Labour promised to be "tough on crime, and tough on the causes of crime".
After eight years in office, overall crime rates have been falling, as measured by the British Crime Survey.
But more than one in four households are still victims of crime each year and the recorded crime rate has gone up.
Many crimes - such as shoplifting and anti-social behaviour - are not fully recorded by either method.
More than one million people are the victims of violent crimes each year.
This number has been increasing rapidly - although some argue this is due to changes in reporting.
Overall, violent crime rose by 11% last year, with the biggest increases in violence against the person and rape.

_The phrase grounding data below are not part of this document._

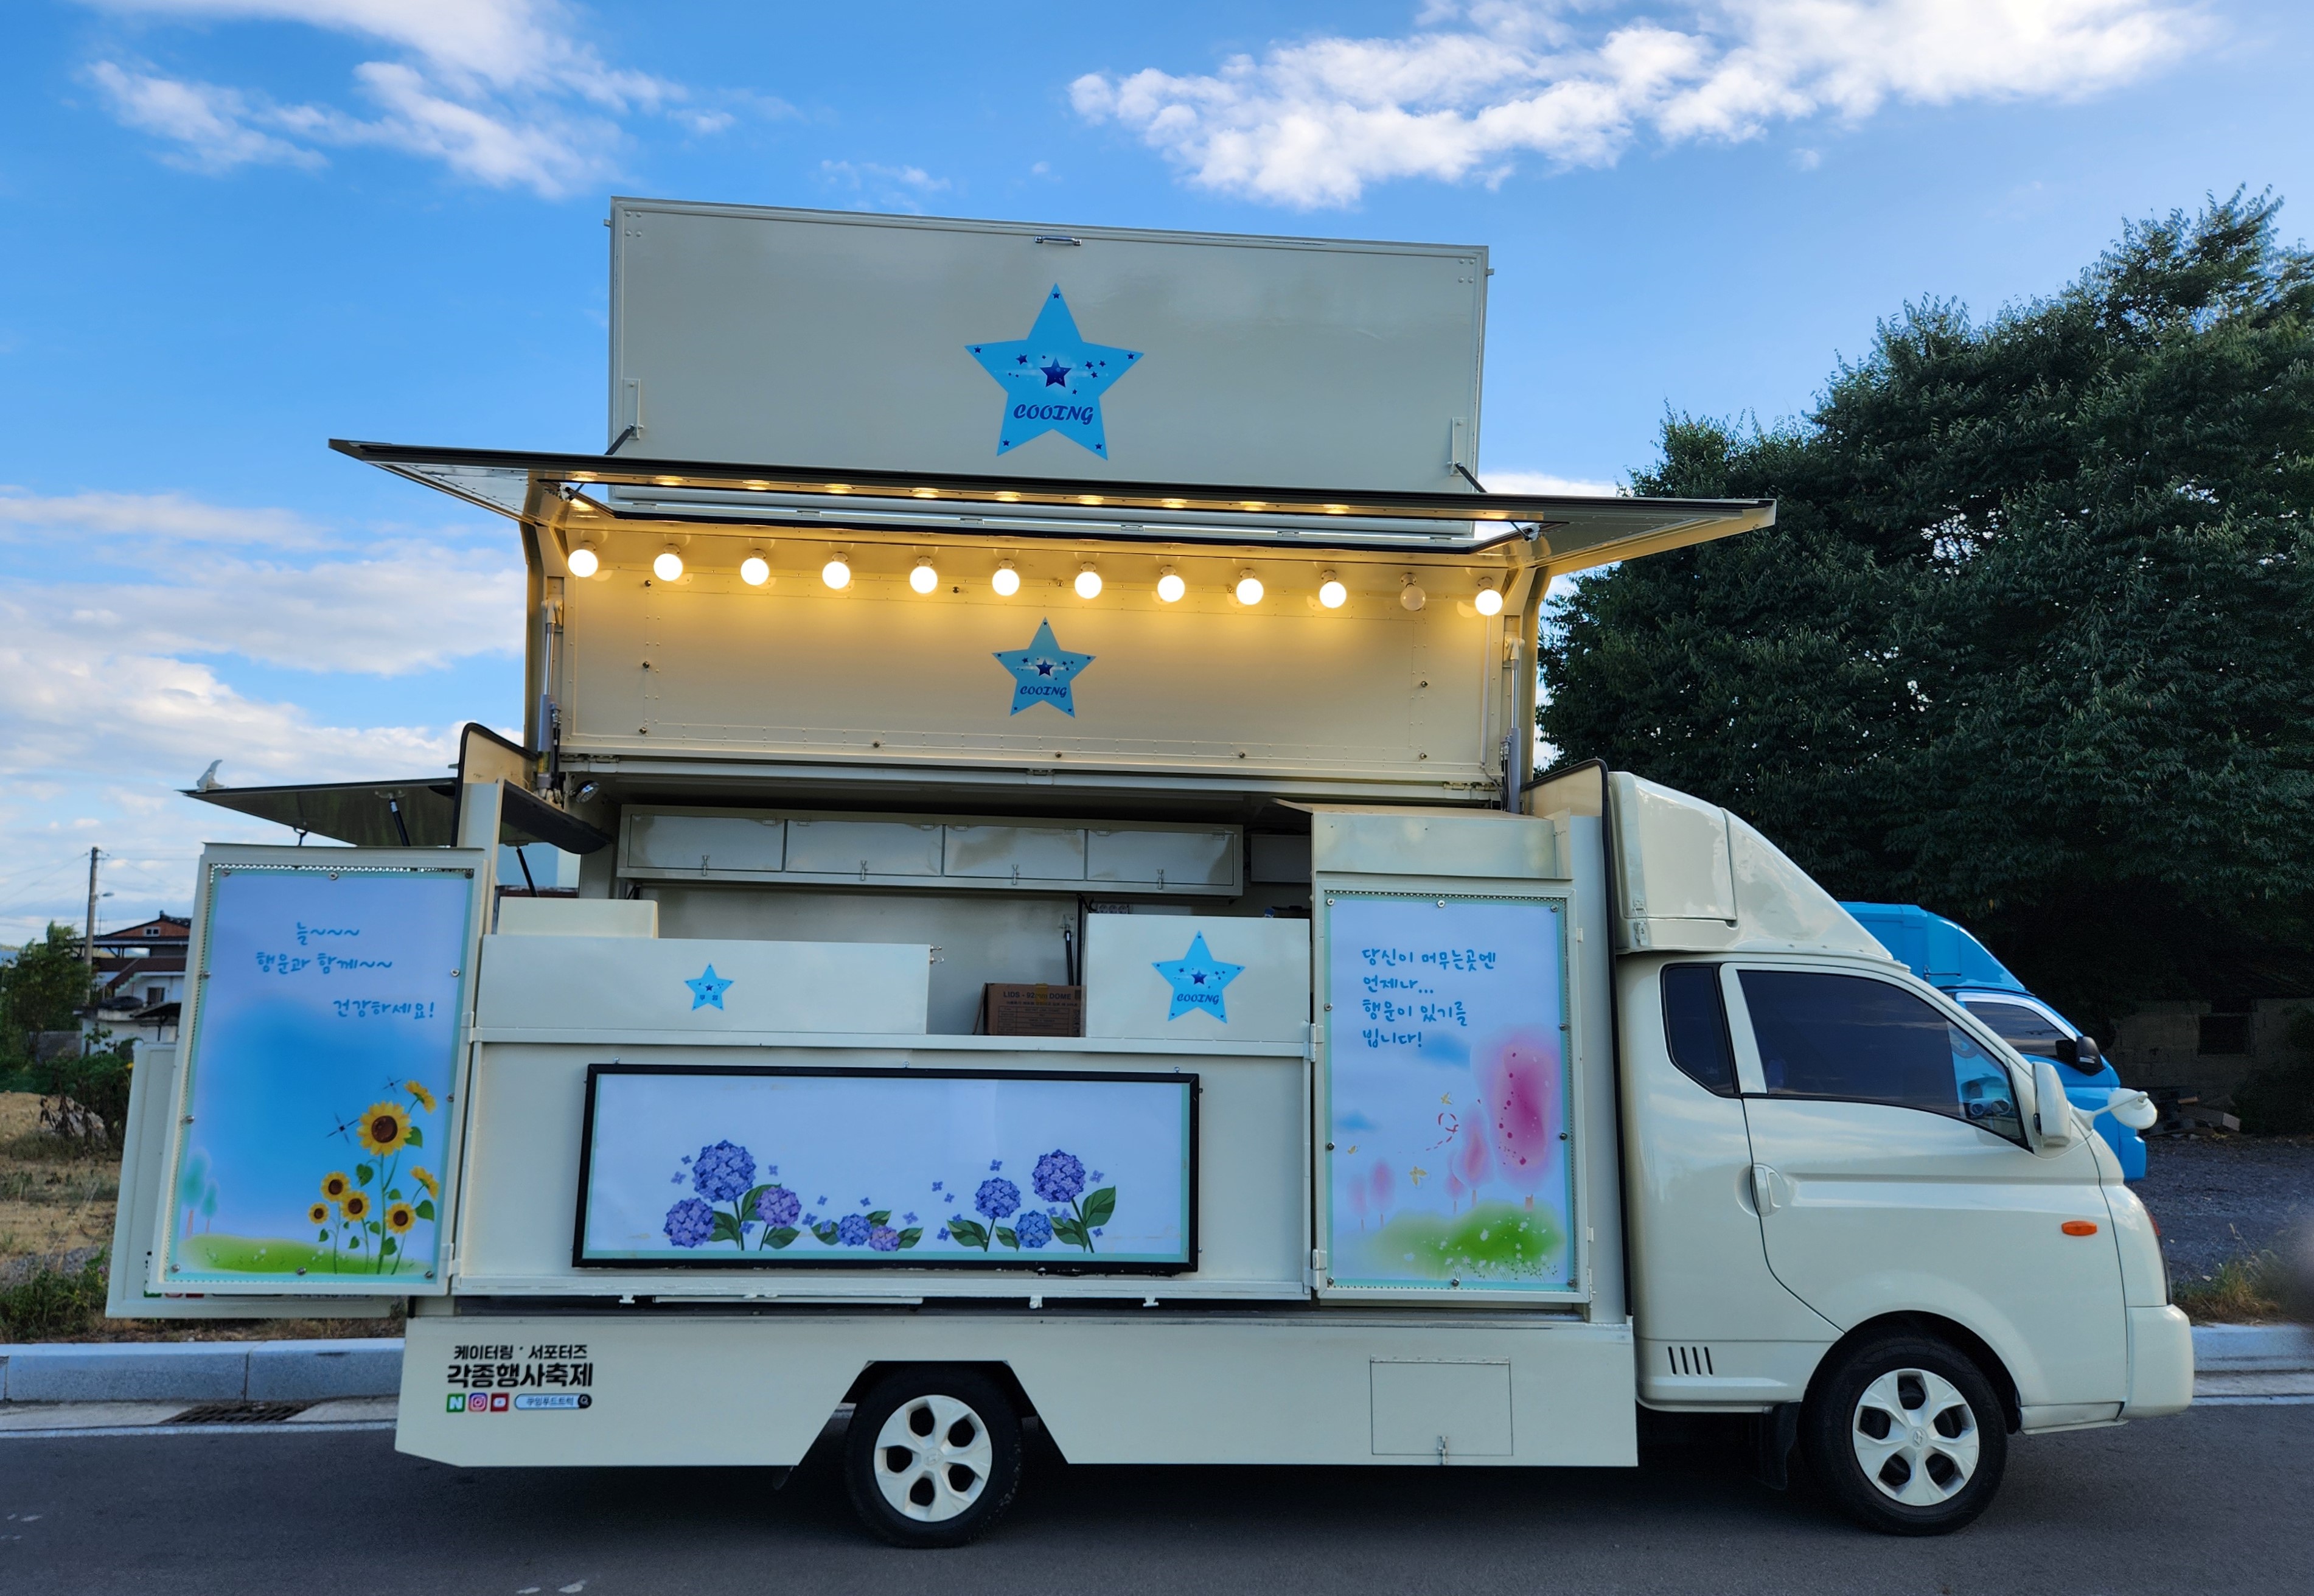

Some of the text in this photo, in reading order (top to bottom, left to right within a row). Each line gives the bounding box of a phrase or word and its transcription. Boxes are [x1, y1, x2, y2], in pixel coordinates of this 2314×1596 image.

[1012, 403, 1094, 425] COOING
[1020, 686, 1067, 698] COOING
[256, 952, 312, 974] 행운과
[1362, 948, 1496, 972] 당신이 머무는곳엔
[333, 999, 435, 1019] 건강하세요!
[1176, 993, 1219, 1005] COOING
[1362, 999, 1468, 1026] 행운이 있기를
[1362, 1028, 1422, 1048] 빕니다!
[453, 1344, 514, 1360] 케이터링
[528, 1344, 588, 1359] 서포터즈
[447, 1362, 593, 1388] 각종행사축제

The government wants to tackle "yob culture" by giving the police more powers to tackle disorderly behaviour in town centres with on-the-spot fines.
All parties have pledged to increase police numbers to fight crime.

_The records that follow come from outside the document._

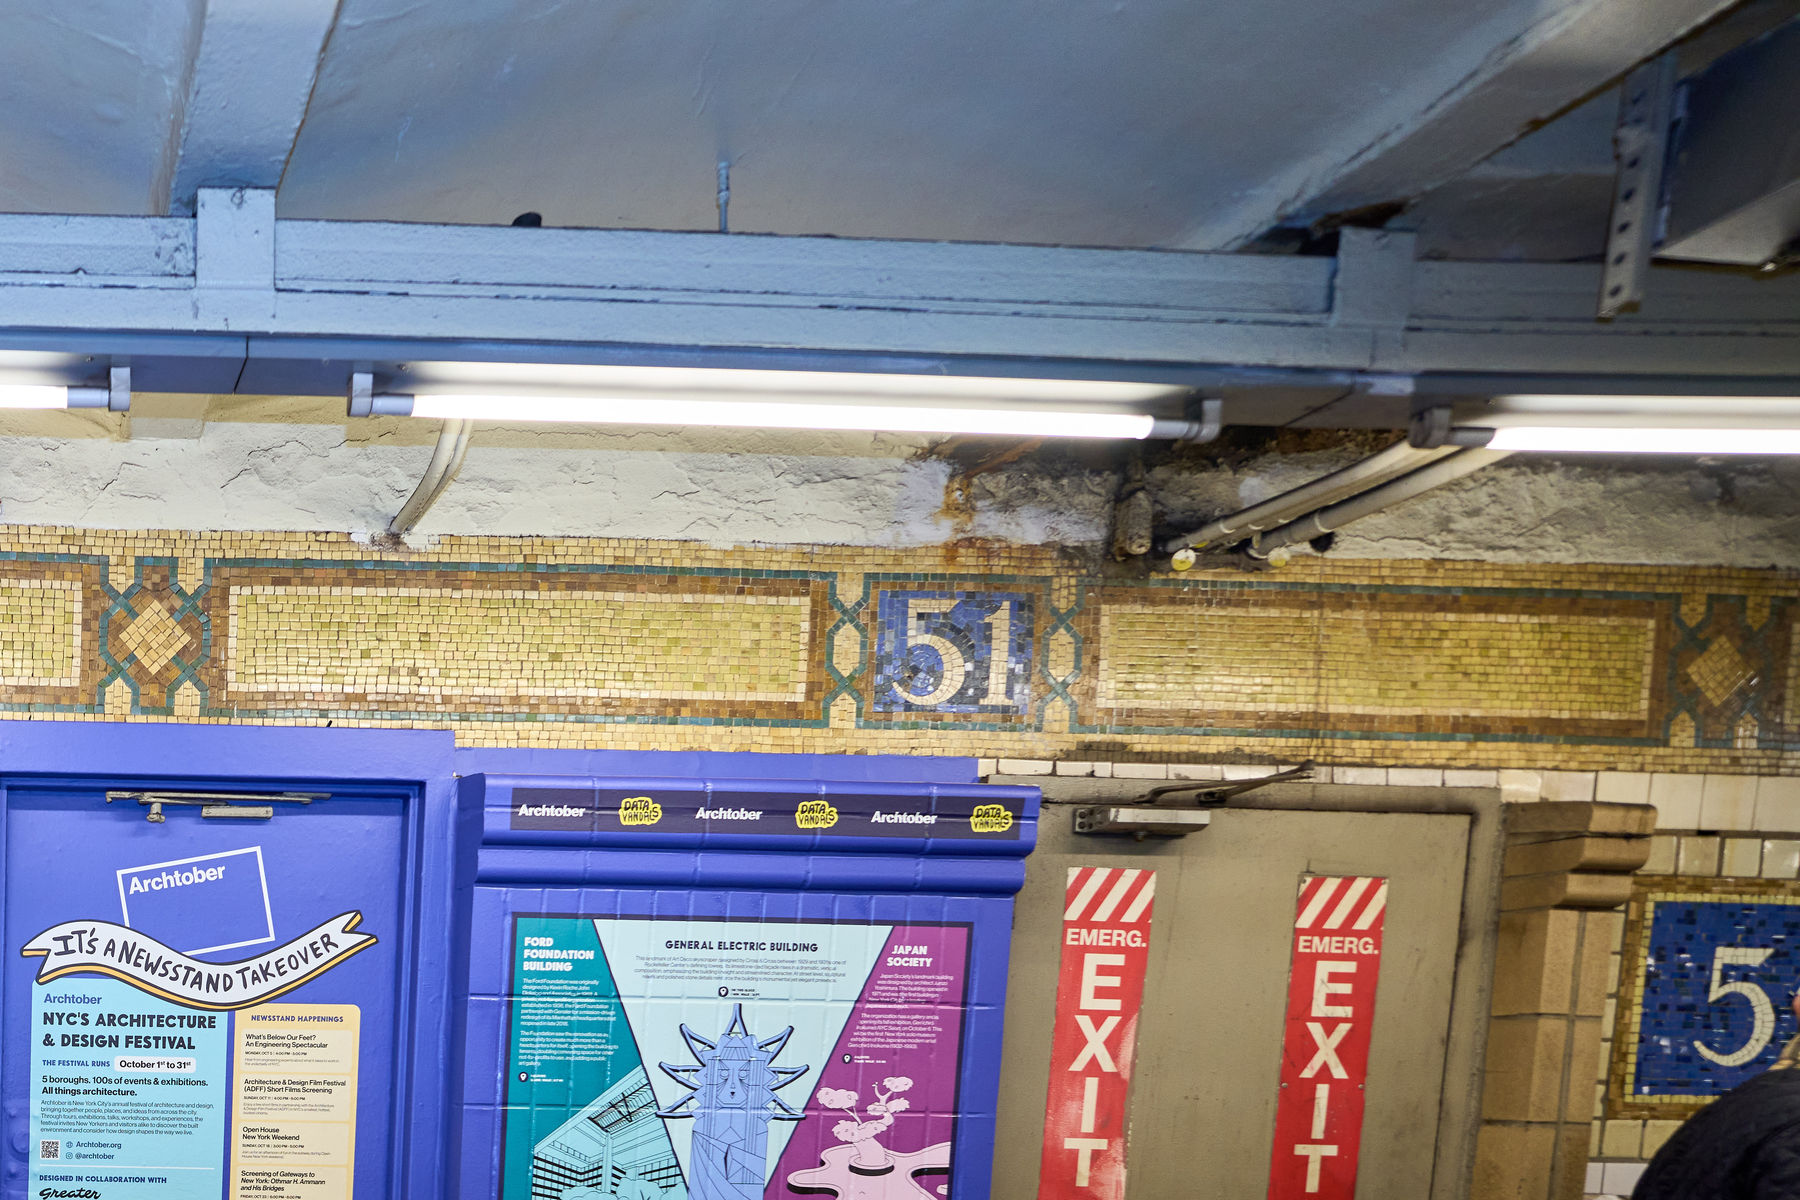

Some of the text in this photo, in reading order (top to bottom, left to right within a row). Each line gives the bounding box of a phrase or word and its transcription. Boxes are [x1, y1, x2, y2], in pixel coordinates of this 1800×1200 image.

[892, 599, 1014, 706] 51
[129, 864, 226, 895] Archtober
[524, 936, 554, 948] FORD
[665, 939, 818, 953] GENERAL ELECTRIC BUILDING
[1066, 928, 1147, 948] EMERG.
[1297, 936, 1379, 955] EMERG.
[523, 948, 595, 961] FOUNDATION
[891, 944, 928, 956] JAPAN
[52, 927, 339, 993] IT'S A NEWSSTAND TAKEOVER
[523, 961, 573, 972] BUILDING
[886, 955, 934, 968] SOCIETY
[43, 993, 102, 1005] Archtober
[42, 1012, 217, 1029] NYC'S ARCHITECTURE
[42, 1034, 196, 1050] & DESIGN FESTIVAL
[119, 1060, 155, 1069] October
[166, 1061, 175, 1069] to
[1064, 953, 1126, 1187] EXIT
[1294, 960, 1358, 1193] EXIT

The number of police has increased by 10% since Labour came into power and reached 139,000 by August 2004.
The Tories would add 40,000 more, the LibDems 10,000.
But crime clear-up rates are still low.
Both the government and opposition parties want more community policing, with the Conservatives calling for elected police commissioners.
Labour is reviewing its decision to reclassify cannabis as a less dangerous Class C drug in 2004.
The idea was to free up police time to pursue hard drugs and drug dealers, instead of arresting people who use small amounts.
The Conservatives say the move caused confusion among the public and will reverse the decision.
The Liberal Democrats have a long-term goal of legalising cannabis and ending imprisonment for personal use of any illegal drug.
The government believes that tackling minor crimes and anti-social behaviour is the key to reducing crime rates.
One of its key weapons is the anti-social behaviour order (ASBO).
This is a court order obtained by the police or local authority to prohibit individuals from disruptive behaviour.
The Tories say they have got off to a slow start, while the Lib Dems would like to limit their use still further.
The prison population has increased by 25,000 in the last ten years to a record high of nearly 75,000.
The rise in prison numbers reflect tougher sentencing policies, with more custodial sentences for burglary.
The Conservatives argue that even longer sentences without early release would help reduce the crime rate, and want 20,000 more prison places.
Half of prisons in England and Wales are overcrowded, with one in four sharing single cells.